In what has been declared a “national embarrassment” and a power management “disgrace” by campaigners, consumers will ultimately foot the bill of £6.9m to 66 Scottish plants and £1.9m to 14 offshore plants in England.

This is almost double the previous single day record payout to wind farm operators, which was £4.8m on Oct 8, 2018, when turbines were switched off because it became too windy.

It is believed the low demand for electricity on May 22 was due to windy and sunny weather this week, with solar panels likely to have produced a lot of energy, combined with the lack of demand for power given the Covid-19 lockdown which has seen many businesses close.

So worrying was the development that the National Grid issued an alert to stop it happening for a second day running.

Dr John Constable, director of the Renewable Energy Foundation, a UK charity that monitors energy use, said: “Overdeployment of renewables in the UK, particularly uncontrollable wind and solar, has resulted in a very fragile electricity system, which is inflexible and unable to deal with accidents and unexpected circumstances at a reasonable cost to consumers.

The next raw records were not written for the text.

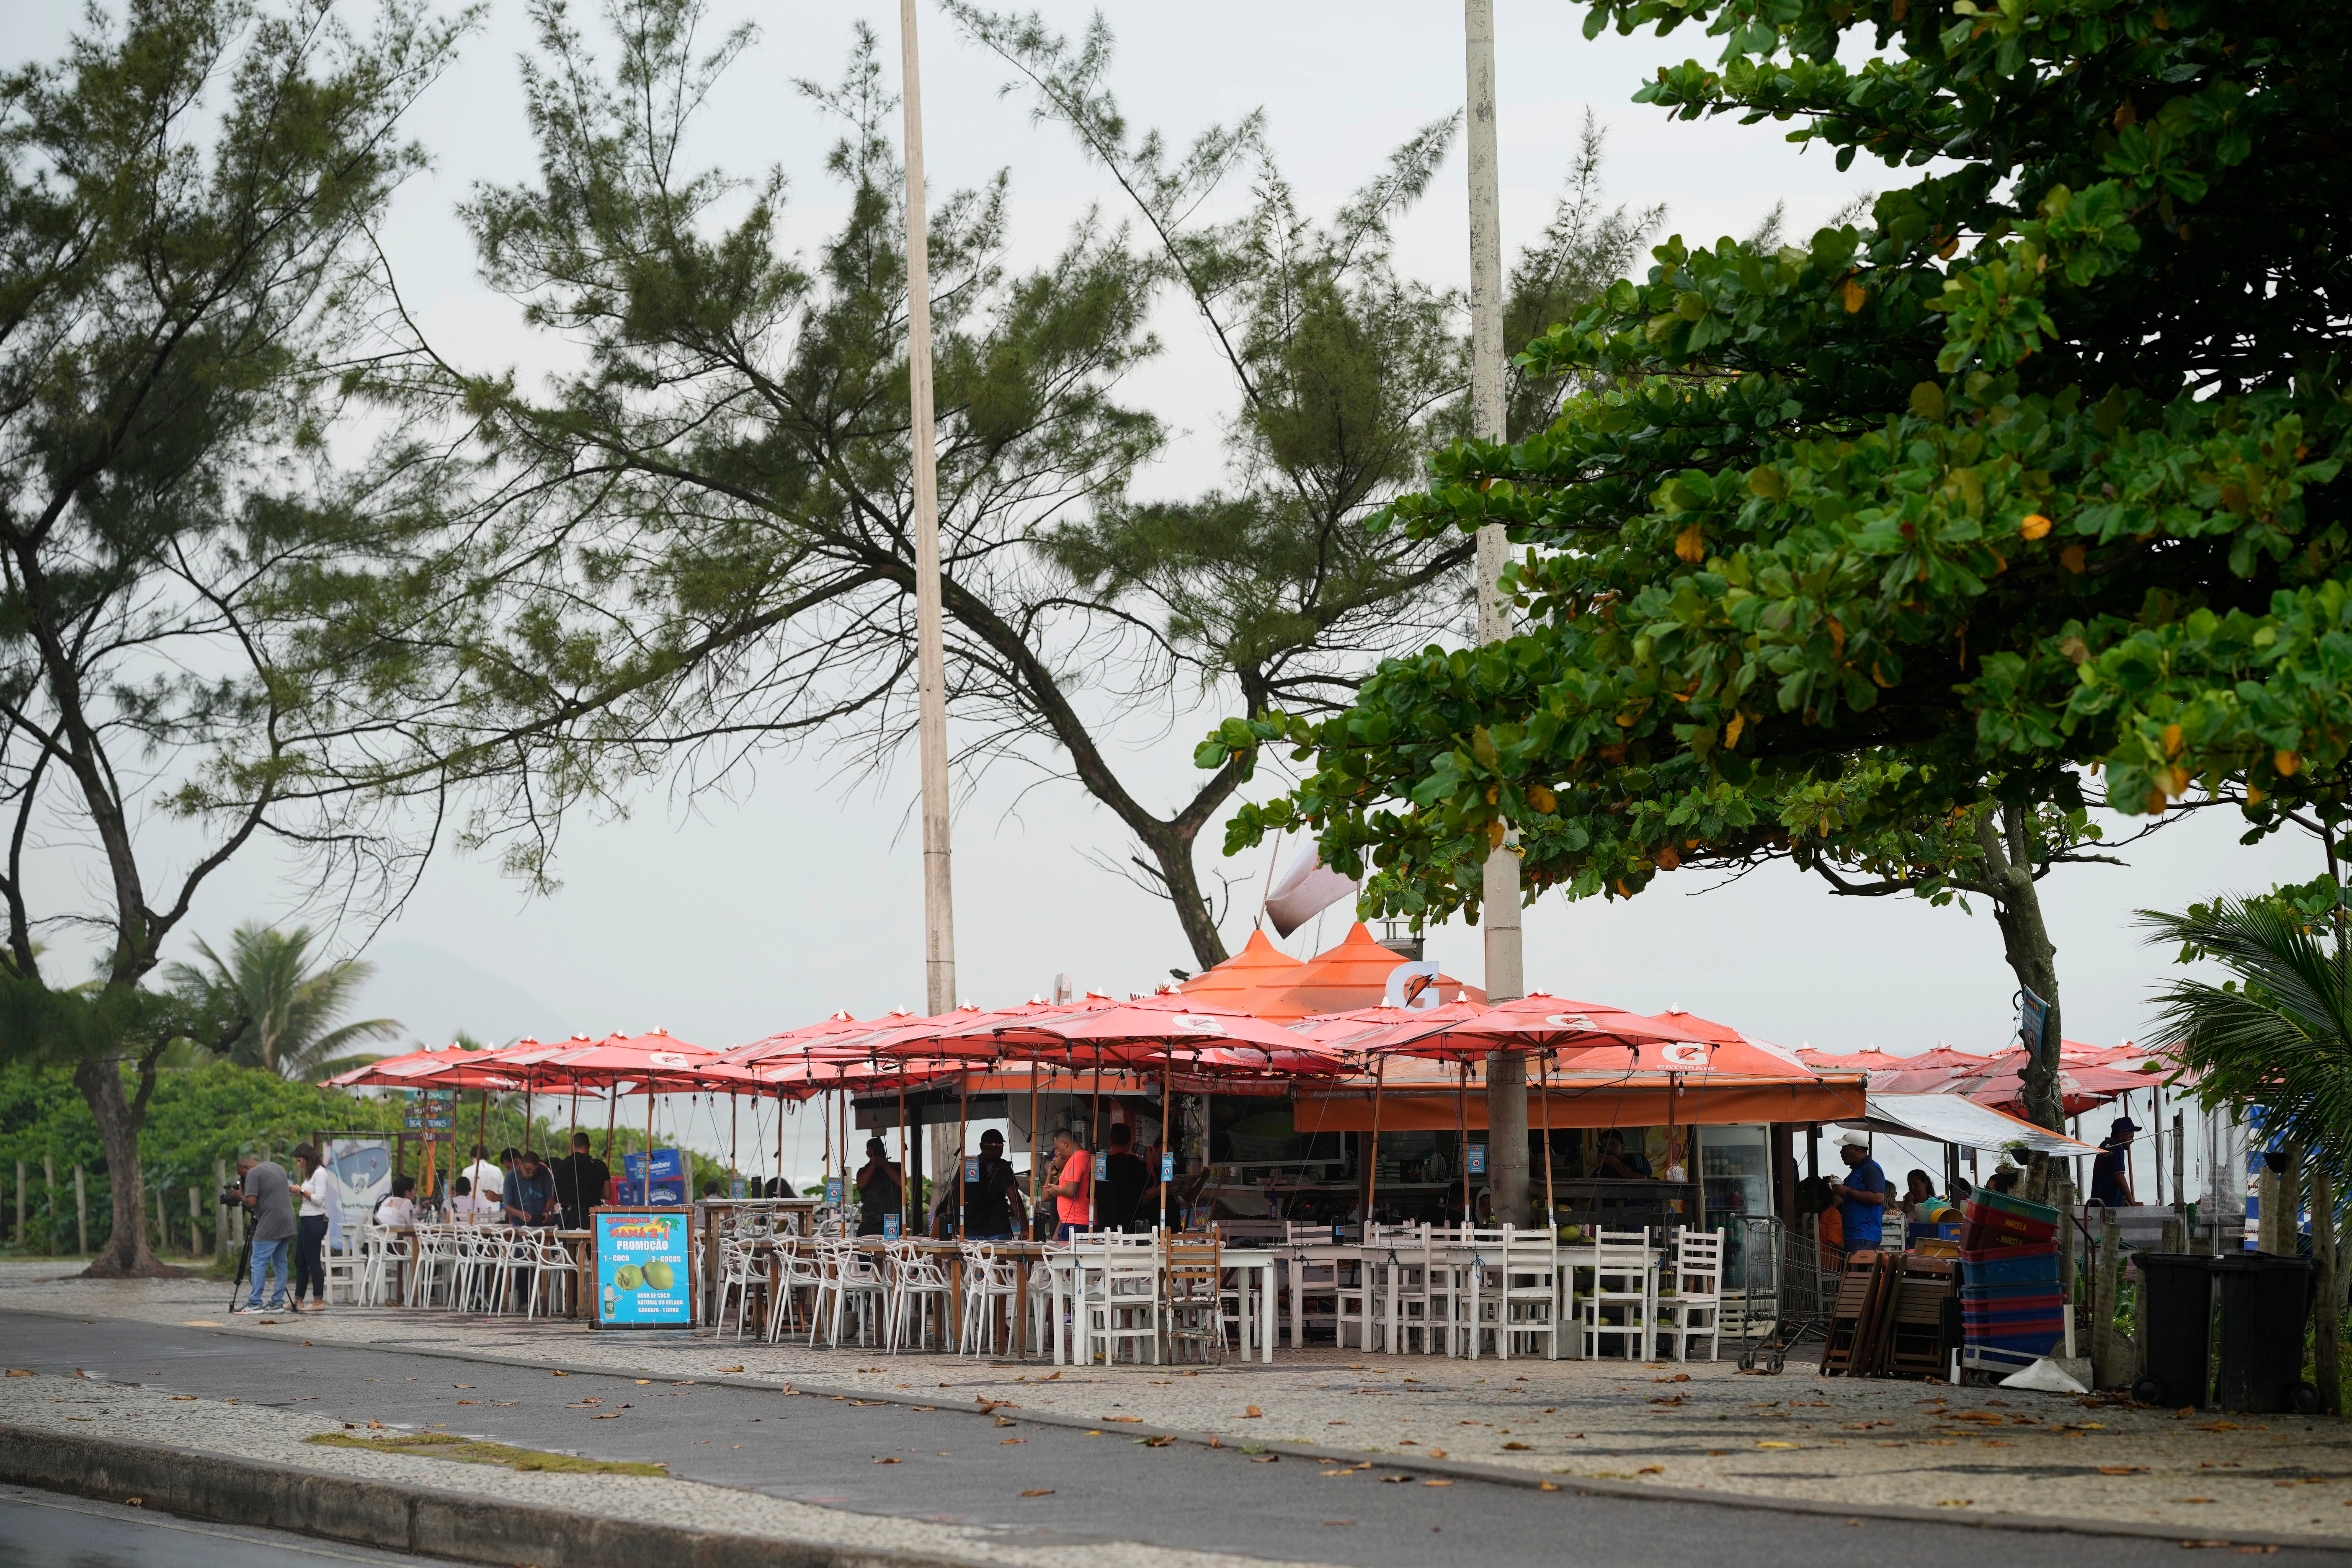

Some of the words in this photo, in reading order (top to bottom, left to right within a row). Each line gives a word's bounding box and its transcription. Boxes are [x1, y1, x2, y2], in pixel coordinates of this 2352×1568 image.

[649, 1161, 671, 1170] ambev
[2004, 1219, 2027, 1231] MARCELA
[609, 1227, 647, 1238] NANÁ
[649, 1228, 659, 1238] 2
[617, 1239, 668, 1252] PROMOÇÃO
[2000, 1235, 2023, 1246] MARCELA
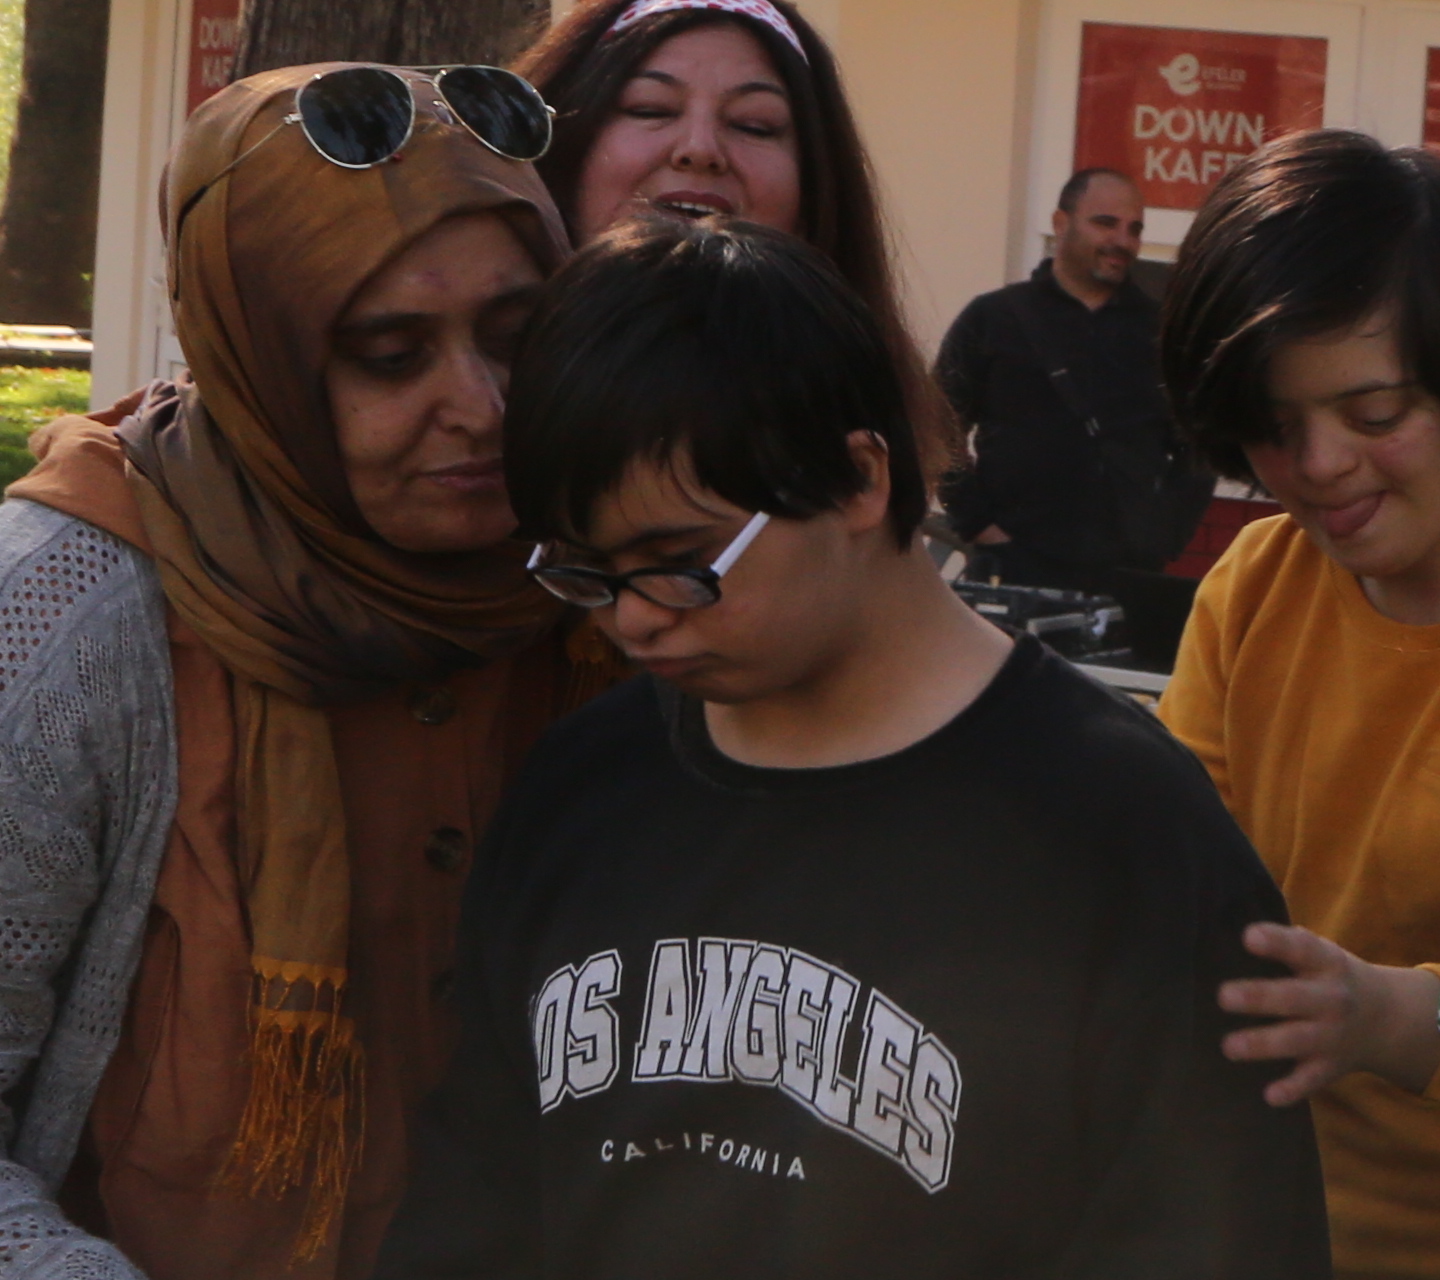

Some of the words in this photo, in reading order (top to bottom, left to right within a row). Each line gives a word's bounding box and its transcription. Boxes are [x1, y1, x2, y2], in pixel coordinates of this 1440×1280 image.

[1134, 104, 1265, 147] DOWN
[530, 948, 624, 1115] OS
[630, 936, 963, 1195] ANGELES
[601, 1131, 806, 1180] CALIFORNIA
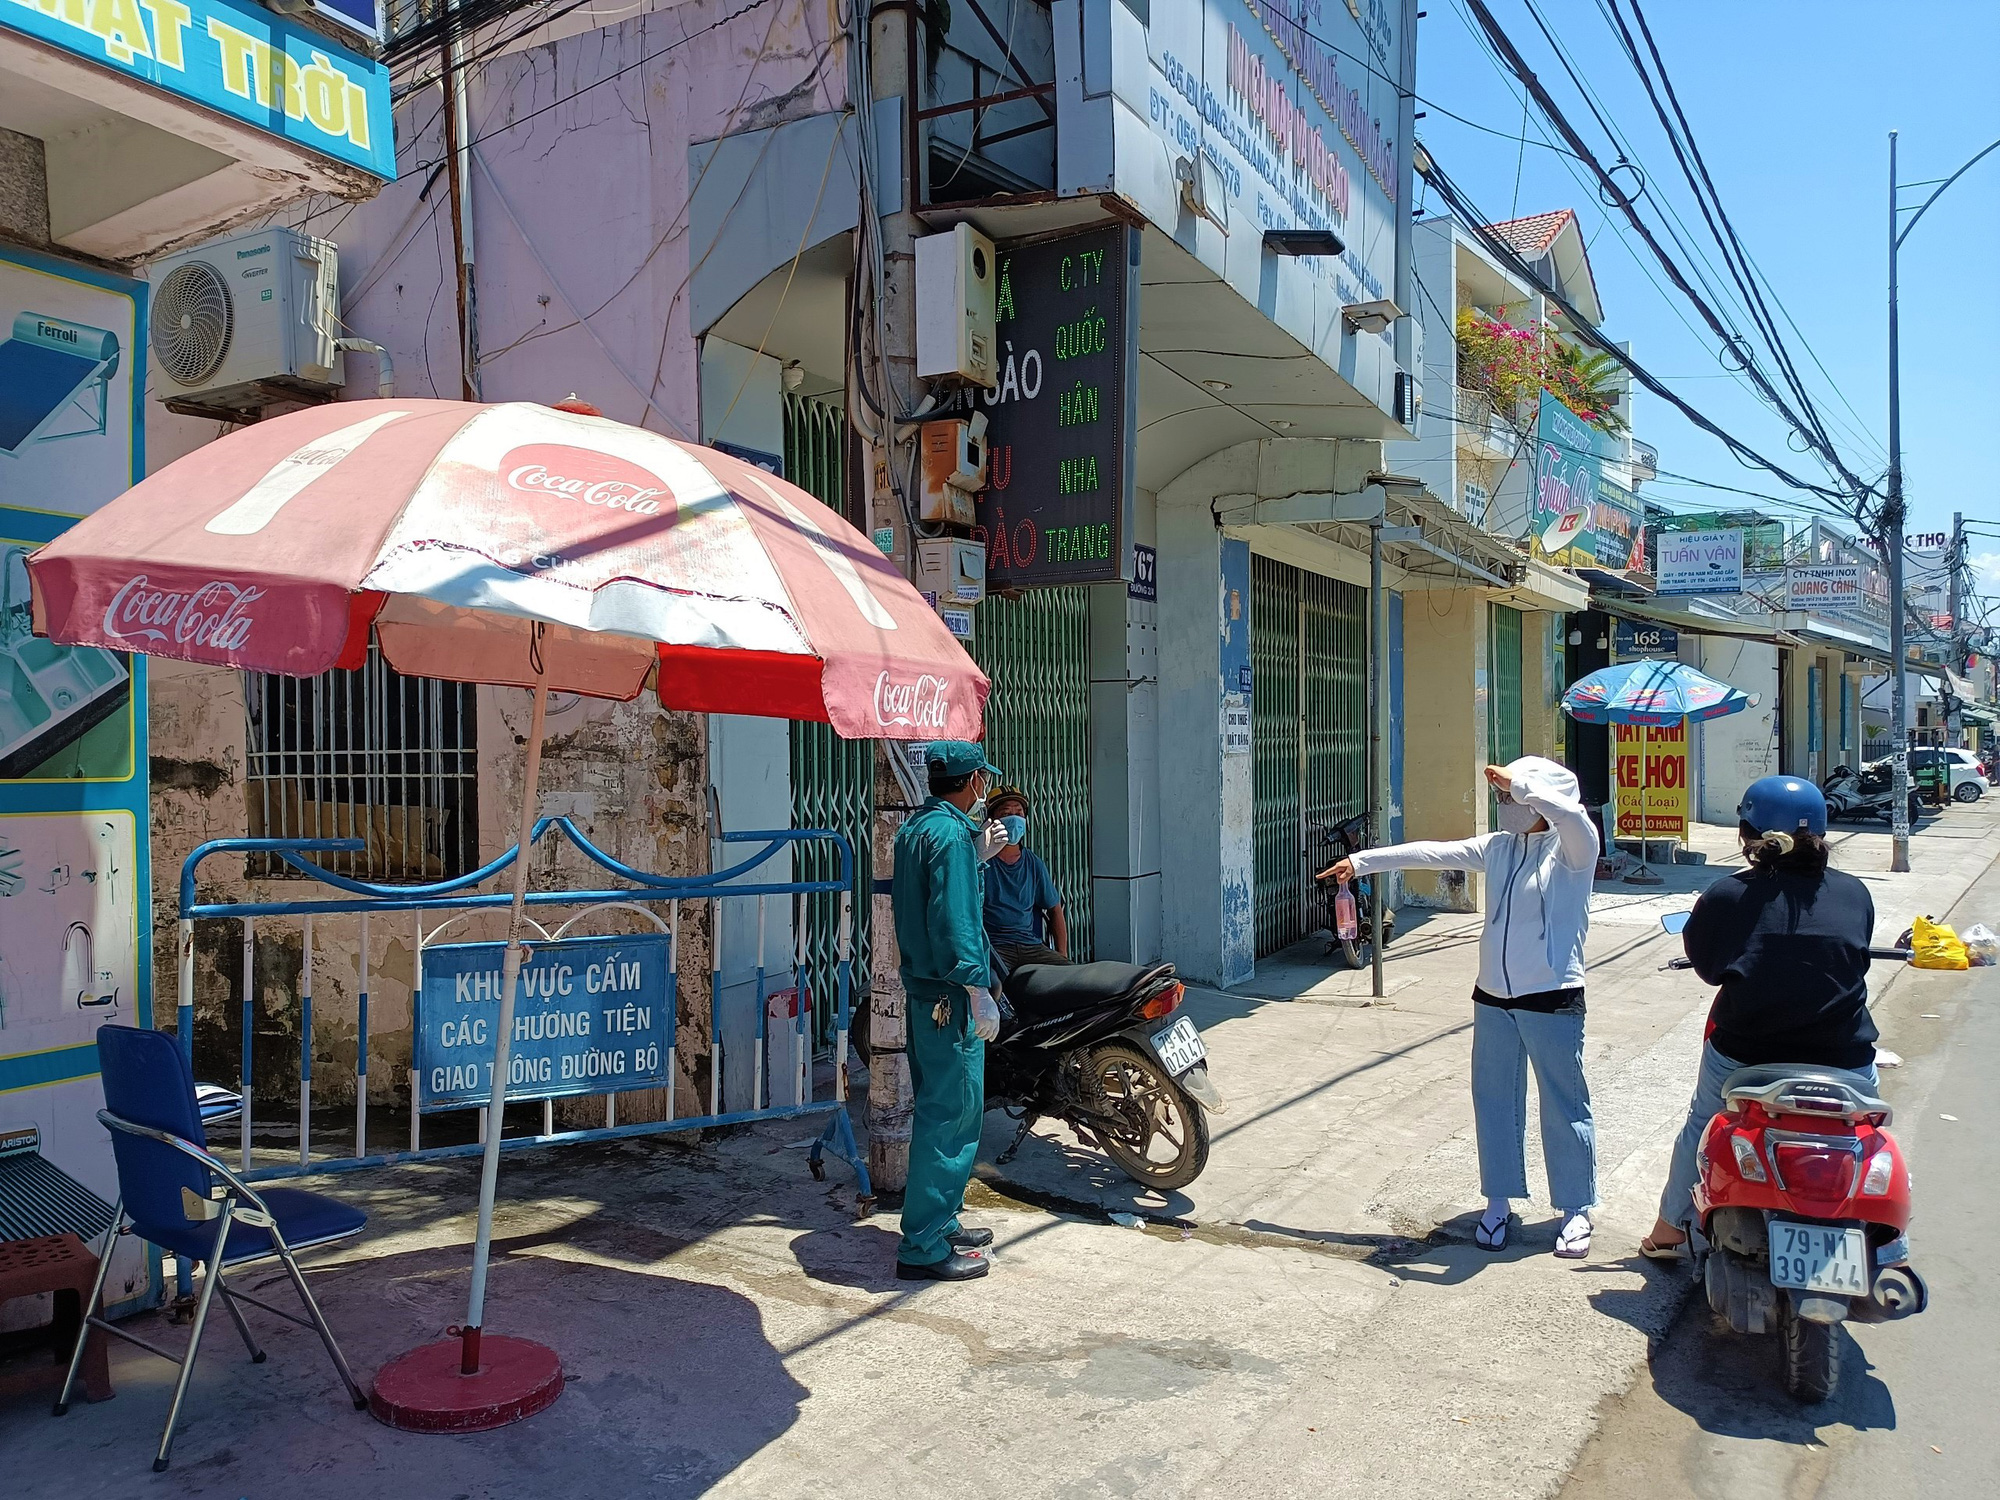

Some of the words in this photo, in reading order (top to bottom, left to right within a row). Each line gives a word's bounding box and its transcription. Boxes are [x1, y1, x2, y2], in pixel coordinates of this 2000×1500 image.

“Grid balancing expenditure so far this year is already horrific and by the end of the summer it will be terrifying.

“This is a national embarrassment and a disgrace to the management of the electricity sector who have complacently allowed this crisis to develop over the last decade.”

The charity previously revealed that the operators of 86 wind farms in Britain were handed a record of more than £136m in constraint payments last year.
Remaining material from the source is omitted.